■ **Exercise aim**: What you return should match the data word for word, minus the images.

■ **Records for the exercise**:
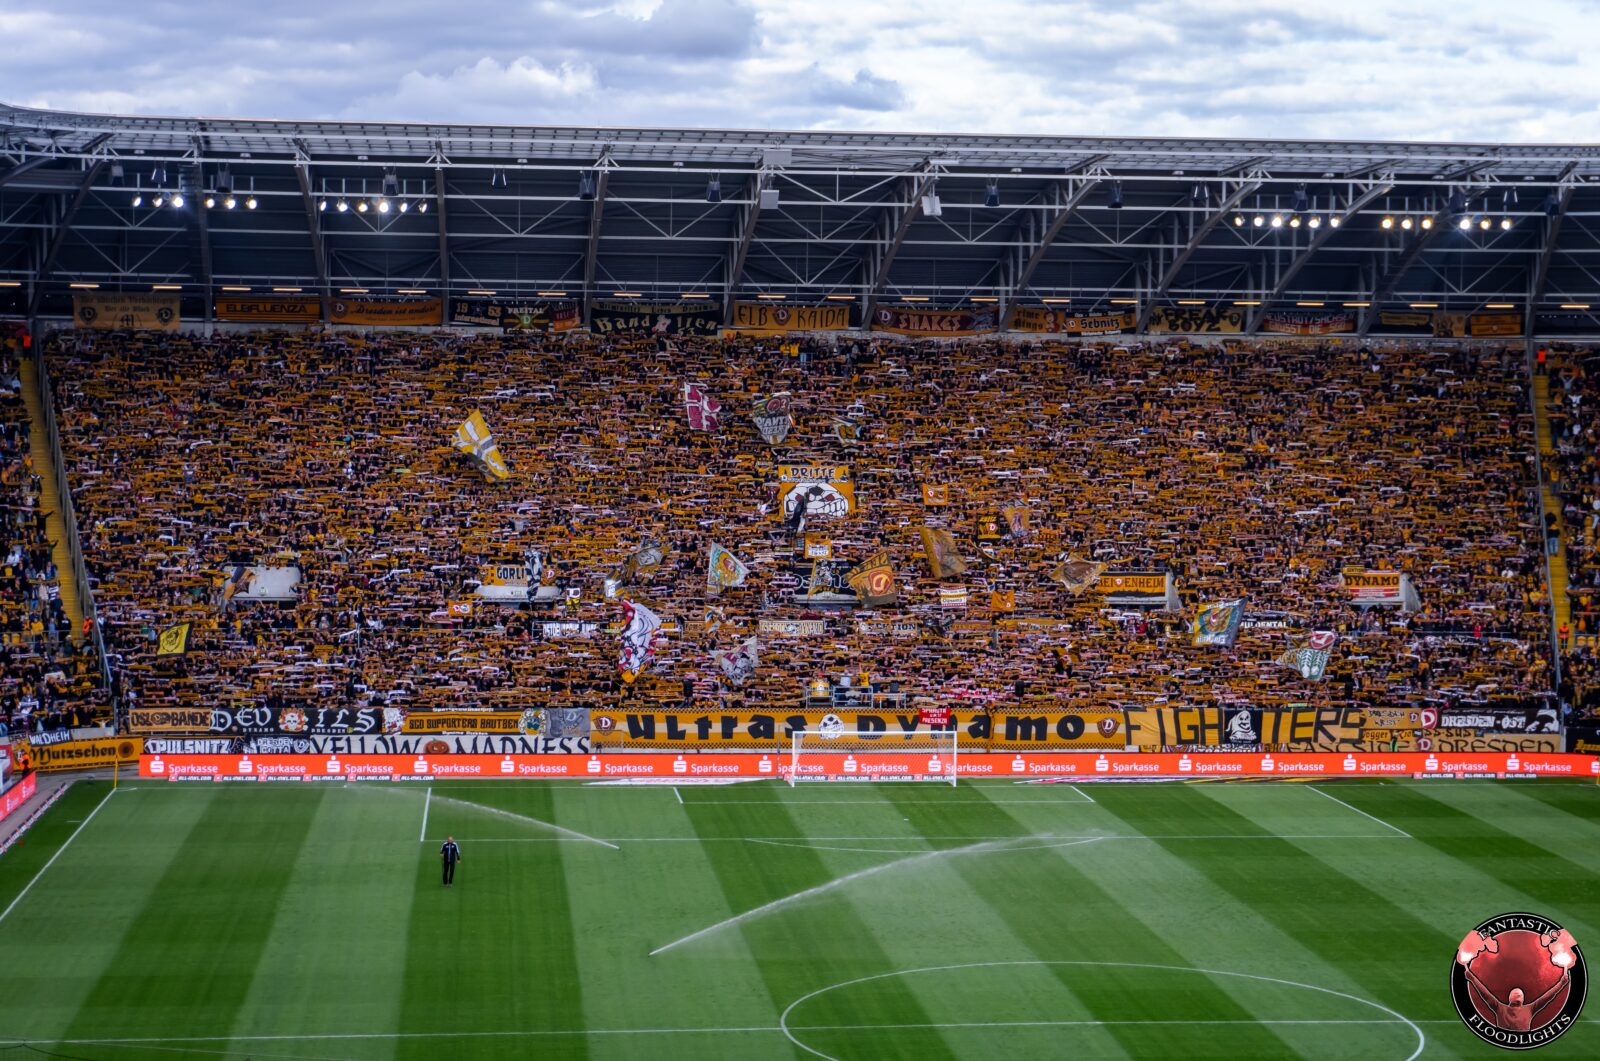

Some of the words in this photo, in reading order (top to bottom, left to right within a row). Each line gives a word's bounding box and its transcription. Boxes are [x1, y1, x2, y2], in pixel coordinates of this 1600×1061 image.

[226, 303, 307, 313] ELBFLUENZA
[738, 305, 768, 326] ELB
[797, 307, 846, 328] KAIDA
[898, 313, 961, 332] SNAKES
[1081, 318, 1120, 329] Sebnitz
[791, 467, 834, 478] DRITTE
[497, 567, 530, 580] GORLI
[1345, 576, 1399, 586] DYNAMO
[427, 718, 478, 729] SUPPORTERS
[29, 730, 71, 746] WALDHEIM
[257, 737, 293, 746] DRESDEN
[159, 739, 232, 754] PULSNITZ
[260, 746, 291, 754] COTTA
[31, 744, 117, 765] Mutzschen
[168, 763, 219, 775] Sparkasse
[256, 763, 306, 775] Sparkasse
[344, 763, 394, 775] Sparkasse
[431, 763, 481, 775] Sparkasse
[518, 763, 568, 775] Sparkasse
[604, 763, 654, 775] Sparkasse
[690, 763, 739, 775] Sparkasse
[860, 762, 909, 774] Sparkasse
[1029, 762, 1077, 774] Sparkasse
[1112, 762, 1160, 774] Sparkasse
[1195, 762, 1242, 774] Sparkasse
[1277, 761, 1325, 773] Sparkasse
[1359, 761, 1407, 773] Sparkasse
[1441, 761, 1488, 773] Sparkasse
[1523, 761, 1572, 773] Sparkasse
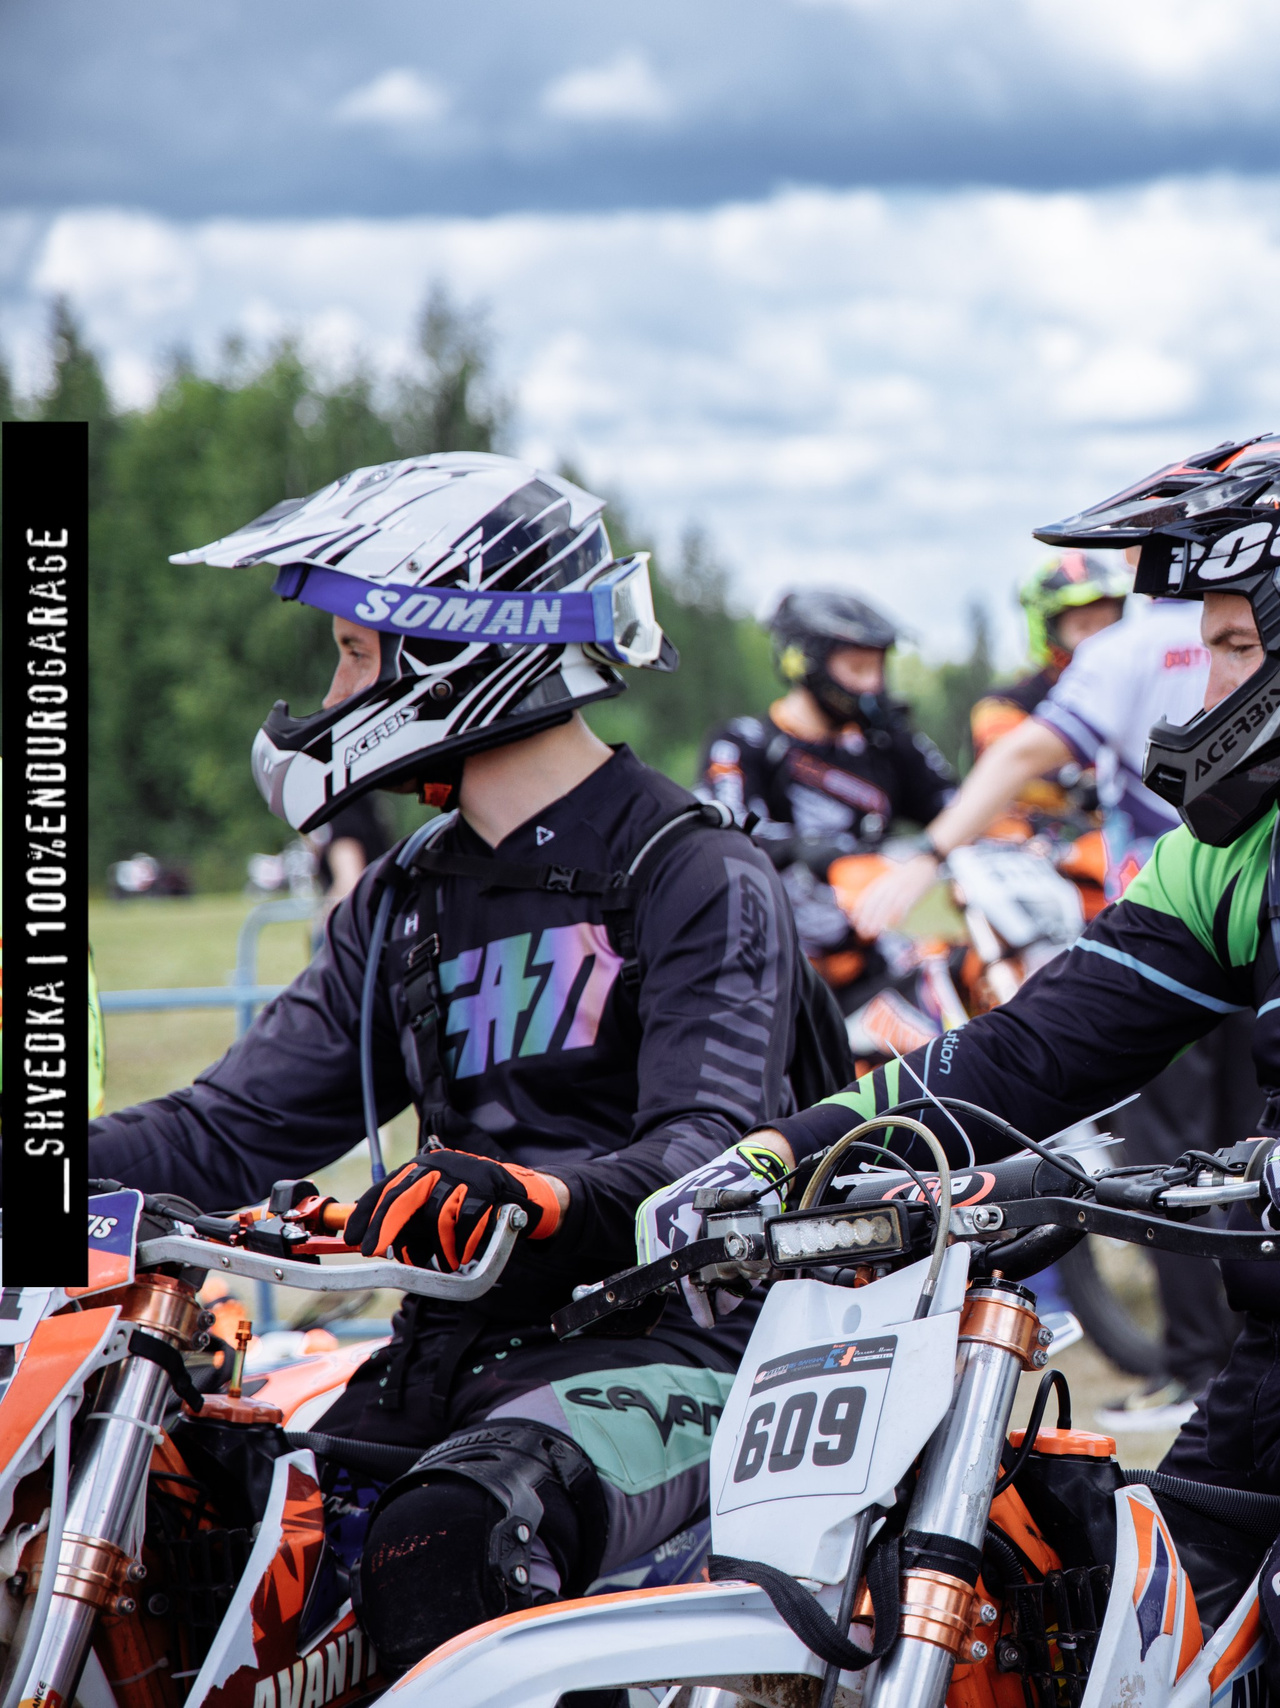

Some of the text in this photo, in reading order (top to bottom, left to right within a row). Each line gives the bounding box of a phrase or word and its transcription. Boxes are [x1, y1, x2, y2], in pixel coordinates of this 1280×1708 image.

[355, 588, 562, 636] SOMAN
[343, 705, 419, 769] ACERBIS
[733, 1386, 868, 1483] 609
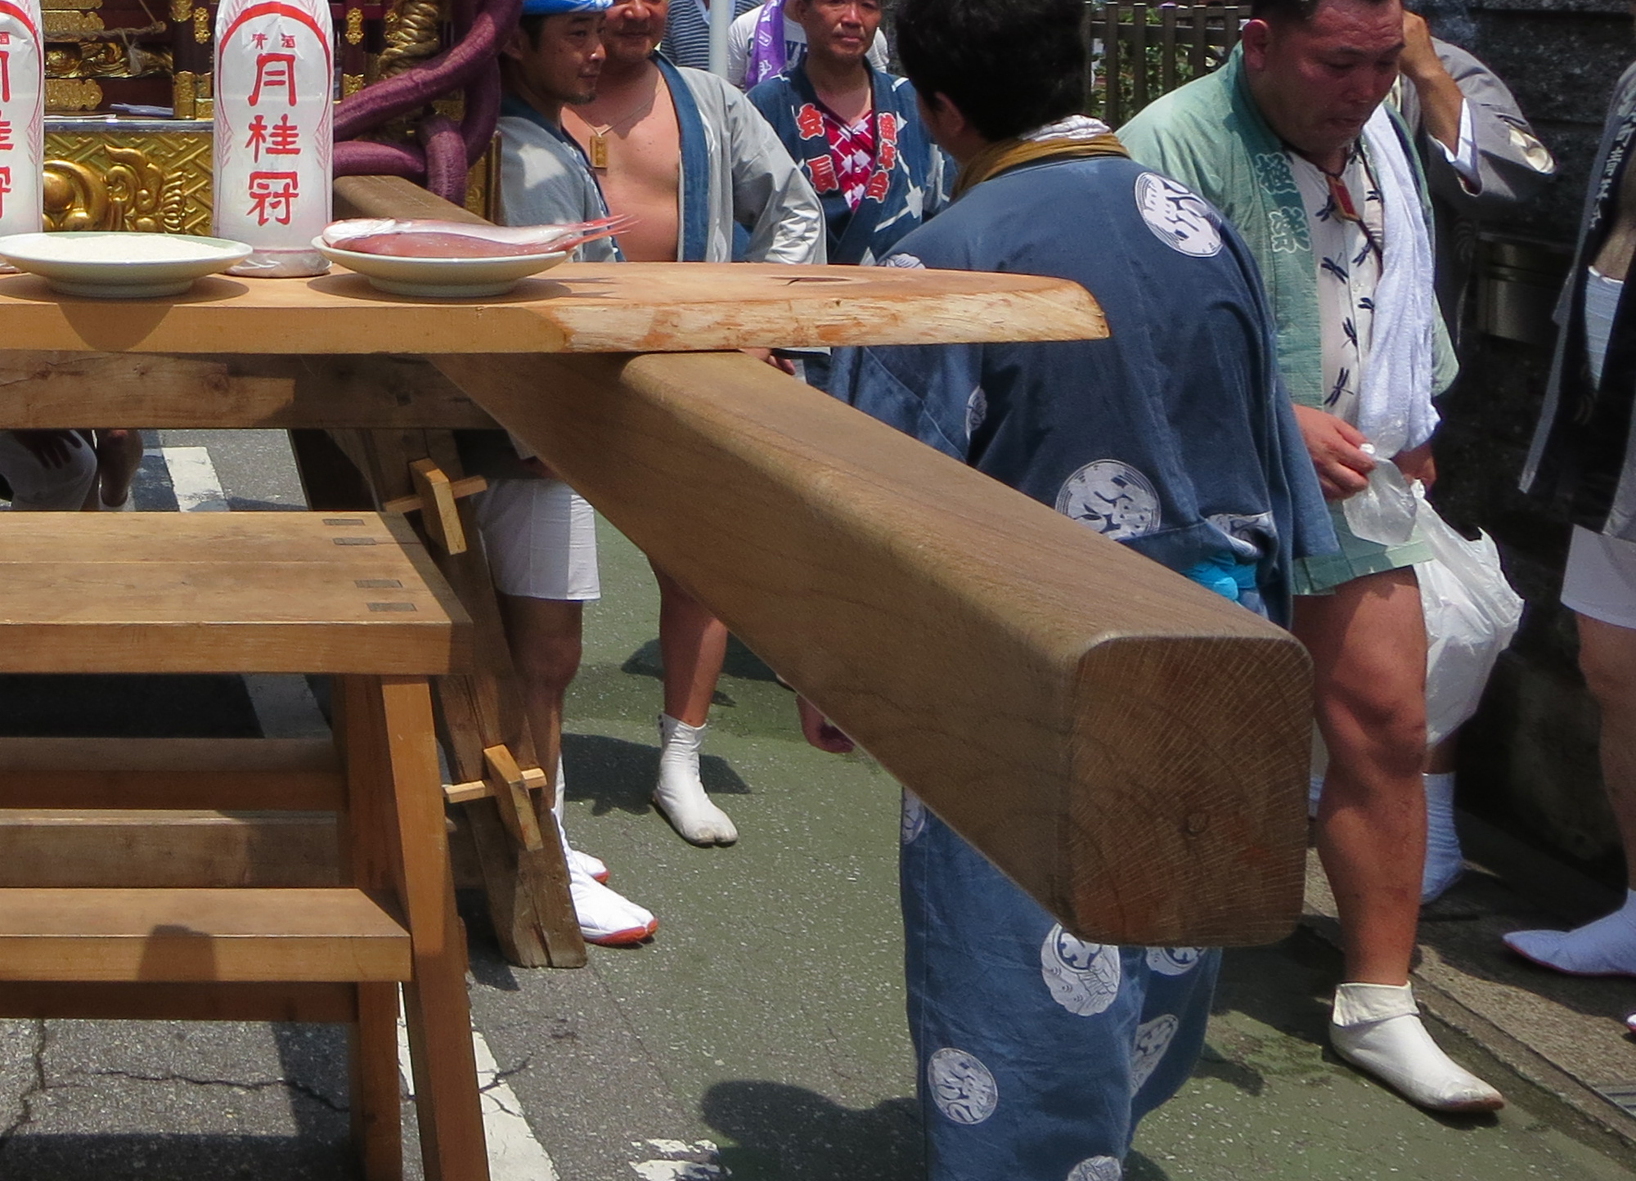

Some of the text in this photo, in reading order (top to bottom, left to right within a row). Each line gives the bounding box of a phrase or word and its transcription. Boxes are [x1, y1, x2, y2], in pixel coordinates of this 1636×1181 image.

[245, 53, 301, 226] 月桂冠
[796, 103, 839, 194] 会長

■ **Output**:
Some of the words in this photo, in reading order (top to bottom, left to right within a row). Each line gives a word's bounding box and its transcription. Boxes are [x1, y1, x2, y2], in pixel coordinates of this 1600×1061 image.

[226, 303, 307, 313] ELBFLUENZA
[738, 305, 768, 326] ELB
[797, 307, 846, 328] KAIDA
[898, 313, 961, 332] SNAKES
[1081, 318, 1120, 329] Sebnitz
[791, 467, 834, 478] DRITTE
[497, 567, 530, 580] GORLI
[1345, 576, 1399, 586] DYNAMO
[427, 718, 478, 729] SUPPORTERS
[29, 730, 71, 746] WALDHEIM
[257, 737, 293, 746] DRESDEN
[159, 739, 232, 754] PULSNITZ
[260, 746, 291, 754] COTTA
[31, 744, 117, 765] Mutzschen
[168, 763, 219, 775] Sparkasse
[256, 763, 306, 775] Sparkasse
[344, 763, 394, 775] Sparkasse
[431, 763, 481, 775] Sparkasse
[518, 763, 568, 775] Sparkasse
[604, 763, 654, 775] Sparkasse
[690, 763, 739, 775] Sparkasse
[860, 762, 909, 774] Sparkasse
[1029, 762, 1077, 774] Sparkasse
[1112, 762, 1160, 774] Sparkasse
[1195, 762, 1242, 774] Sparkasse
[1277, 761, 1325, 773] Sparkasse
[1359, 761, 1407, 773] Sparkasse
[1441, 761, 1488, 773] Sparkasse
[1523, 761, 1572, 773] Sparkasse

Some of the text in this photo, in reading order (top to bottom, left to right within a row). Each line gives the bounding box of a phrase or word and its transcription. Boxes are [x1, y1, x2, y2], in pixel coordinates of this 1280×1708 image.

[355, 588, 562, 636] SOMAN
[343, 705, 419, 769] ACERBIS
[733, 1386, 868, 1483] 609

Some of the text in this photo, in reading order (top to bottom, left to right within a row). Each line gives the bounding box of a phrase or word and its transcription. Boxes are [x1, y1, x2, y2], in pixel coordinates of this 1636×1181 image.

[245, 53, 301, 226] 月桂冠
[796, 103, 839, 194] 会長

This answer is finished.